Os hotéis nas redondezas estavam cheios e ele demasiado cansado para ir à procura
de uma estalagem. De qualquer modo, tinha ainda por companhia um boi e um burro,
dois vendedores ambulantes malcheirosos e flatulentos que dormiam dobrados sobre
os seus tabuleiros na outra extremidade da sala. Três horas depois, saíam os dois
da sala fazendo uma grande barulheira; Schopenhauer seguiu-os imediatamente.
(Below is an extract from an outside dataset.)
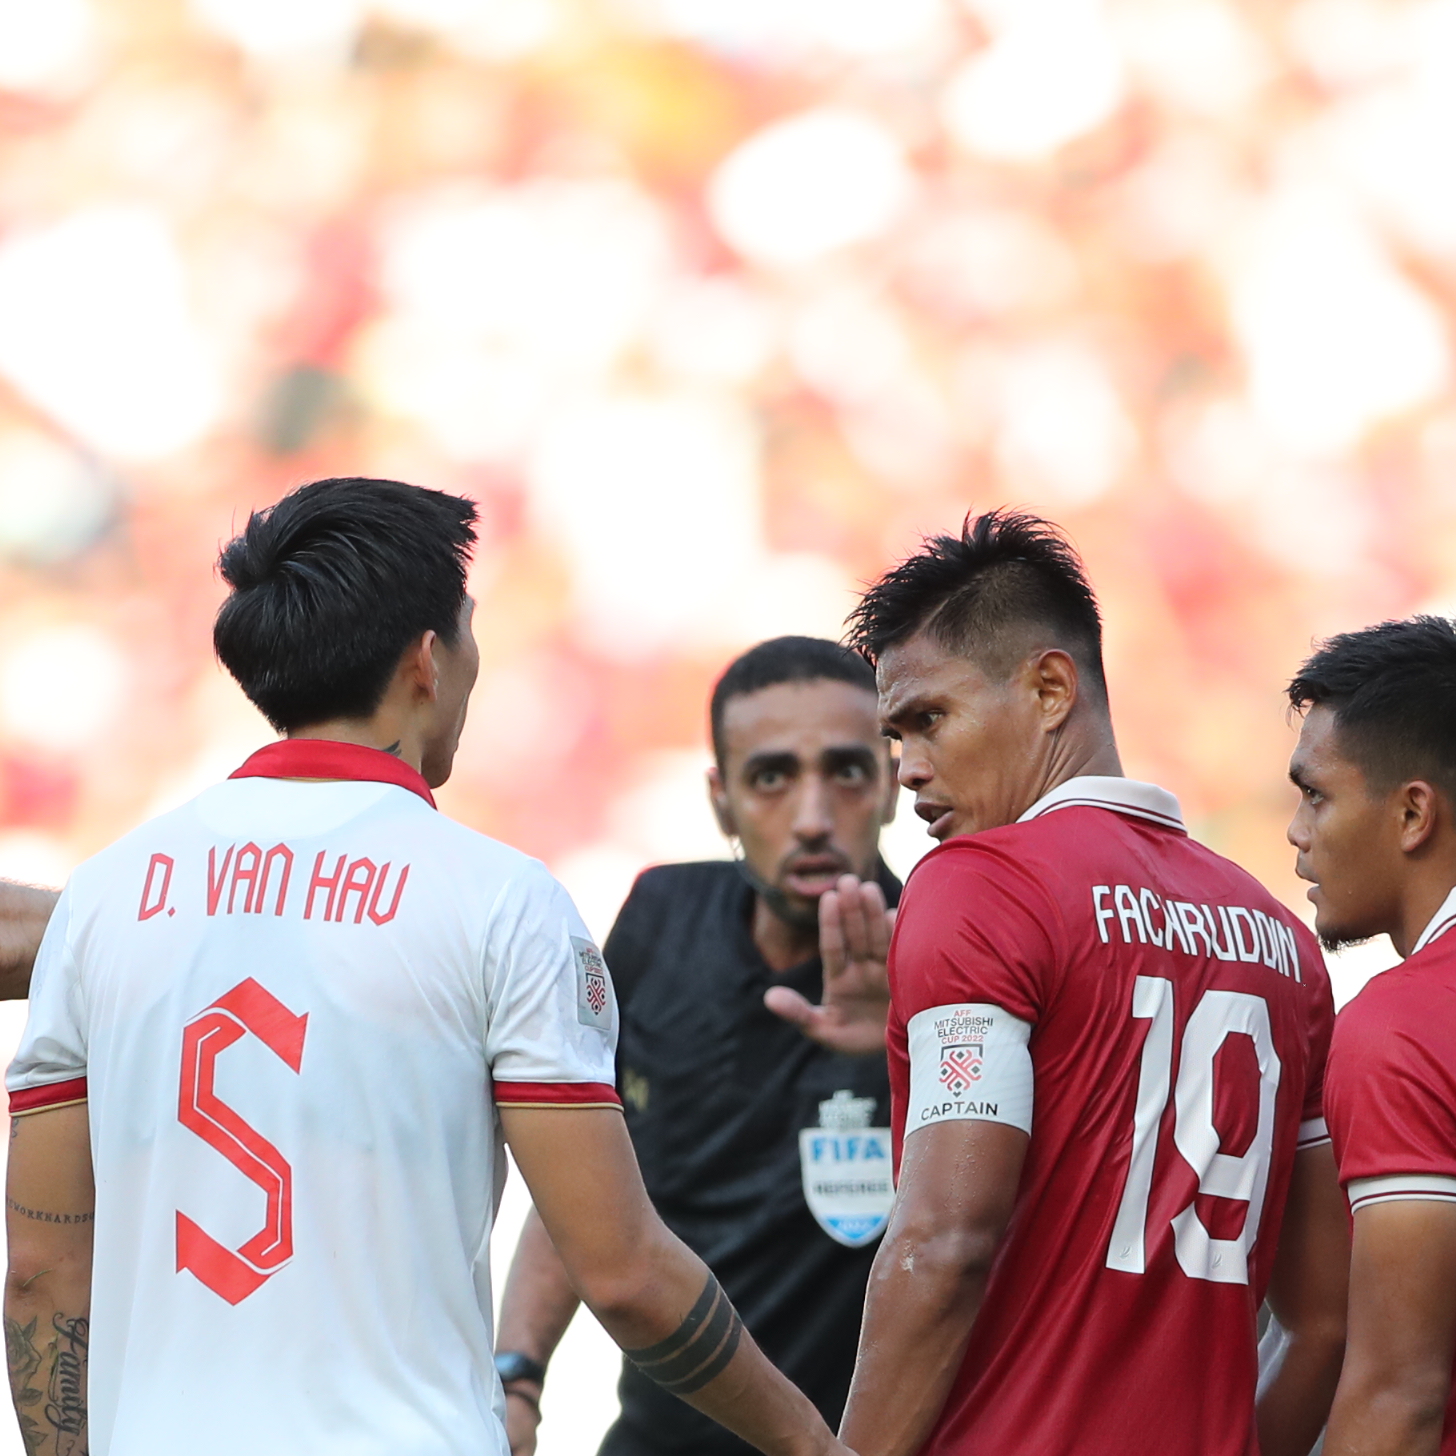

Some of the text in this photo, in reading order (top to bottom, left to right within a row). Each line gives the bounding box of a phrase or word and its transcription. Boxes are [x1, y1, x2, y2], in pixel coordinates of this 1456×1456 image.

Na
taberna ao lado, bebeu um café fraco e comeu dois pãezinhos que ainda fumegavam
quando ele os abriu e os pingou com uma compota escura.
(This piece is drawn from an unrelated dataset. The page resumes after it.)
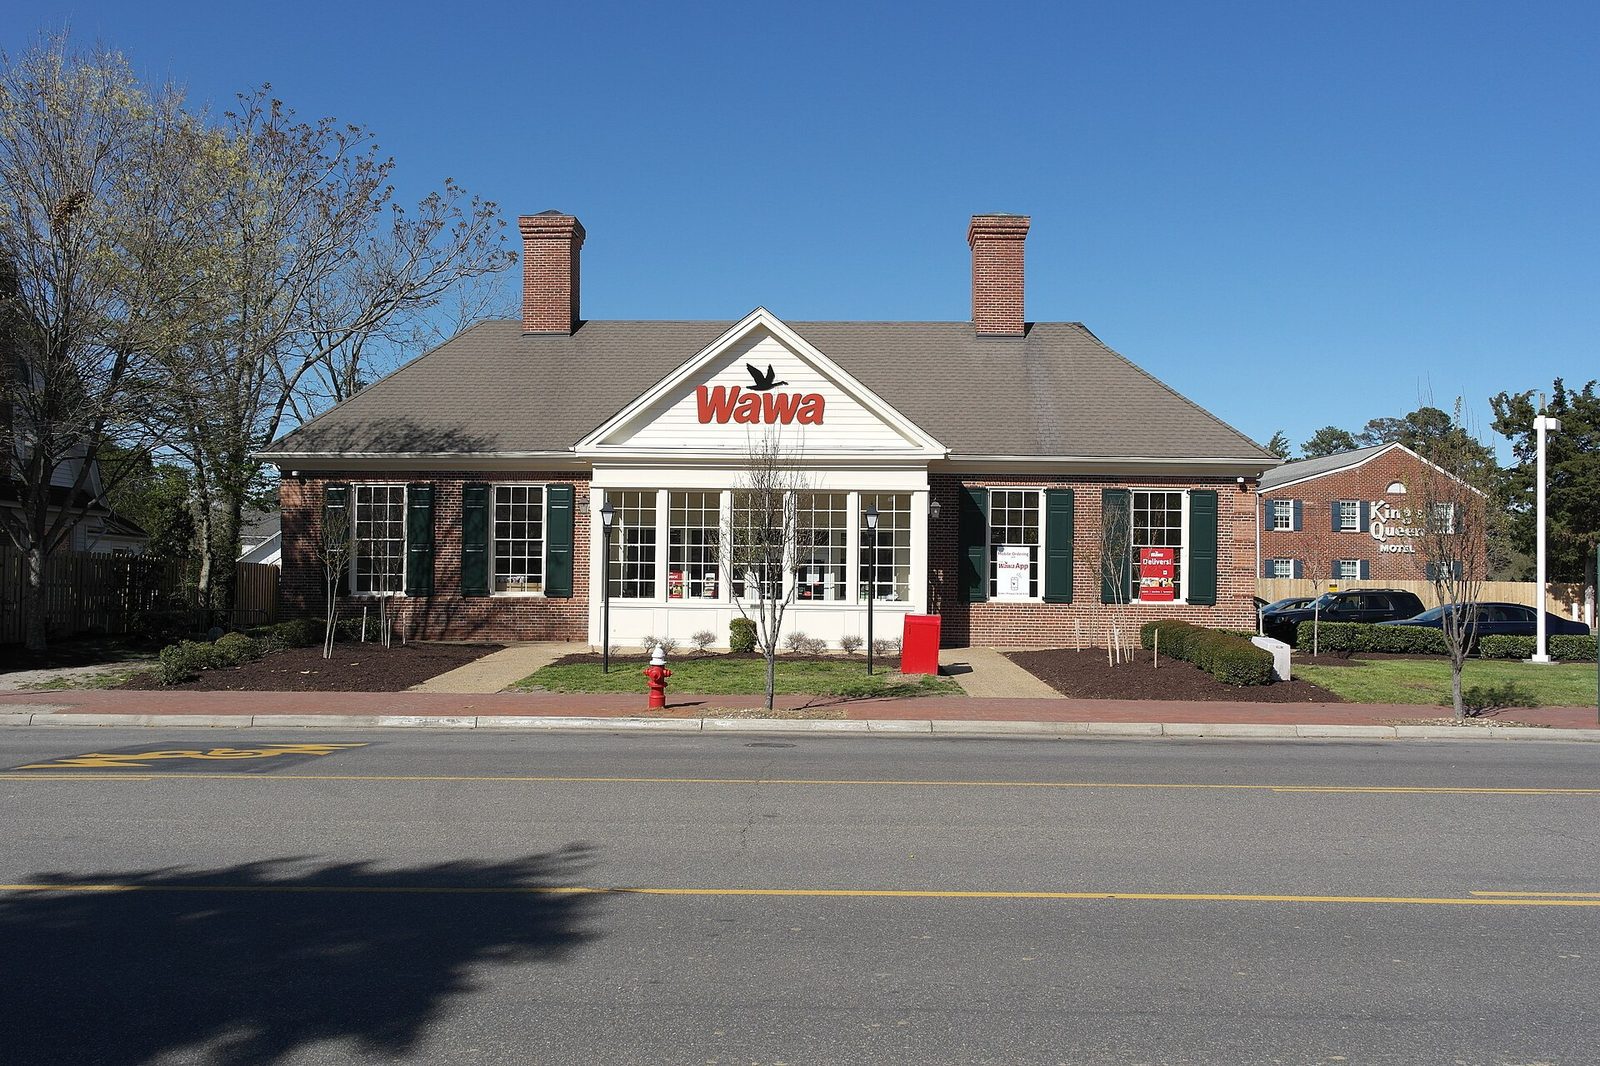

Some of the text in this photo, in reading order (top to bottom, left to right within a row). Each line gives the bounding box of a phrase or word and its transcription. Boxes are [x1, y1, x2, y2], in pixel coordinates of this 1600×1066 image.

O editor devia ter entrado no seu
escritório por uma porta traseira; Schopenhauer esperara na porta da frente desde
que a madrugada rompera. Uma palavra, só teria precisado de uma única palavra dele,
mas os tipógrafos instruídos para o acalmarem não o largaram de vista, nem por nada,
desde que ele começara a bater nos caixotes e a gritar irado com o editor dizendo-lhe
que devia, por gentileza, cumprir com a sua parte do contrato, tal como ele o fizera.
O cheiro a estrume de cavalo anunciava a estação dos correios. Havia uma canga no
pátio, quatro cavalos exaustos, encharcados de suor. Entrou mais uma carruagem a
ressoar pela porta da cidade. O postilhão produziu um grasno com a corneta e puxou
as rédeas. Seis passageiros desceram um a seguir ao outro, apoiando-se no degrau
com um passo firme.
Schopenhauer
abriu a porta dos correios com um empurrão. Na outra extremidade da sala baixa com
abóbadas apoiadas em colunas imponentes, destacava-se um funcionário por detrás
de um balcão que lhe dava pela altura do peito. Quando parte o próximo correio para
Dresden?, perguntou Schopenhauer. Normal ou urgente? Desculpe? Schopenhauer inclinou-se
para a frente e pôs a mão atrás da orelha esquerda. Voltou imediatamente a tirá-la;
detestava gestos habituais, como se revelassem demasiado sobre a sua pessoa. É
indiferente. O funcionário olhou para o relógio e disse: De acordo com o horário,
daqui a seis horas. Carruagem com regresso, para si, mais cedo. Quatro táleres,
dezoito xelins e nove pfennings, gorjeta
para o postilhão incluída. Aquele ali. Um postilhão provinciano, vestindo
jaquetão amarelo com colarinhos azuis, uns calções de couro que já não eram
brancos e botas altas, estava encostado à parede, a fumar um cachimbo de porcelana,
e acenou obsequiosamente ao seu hipotético passageiro. Tanto?, perguntou Schopenhauer e pensou: é indiferente; só me quero ir embora, sair
daqui». In Christoph Poschenrieder, A Paixão de Schopenhauer, 2010, tradução de
Manuela Ramos, Saída de Emergência, 2011, ISBN 978-989-637-363-4.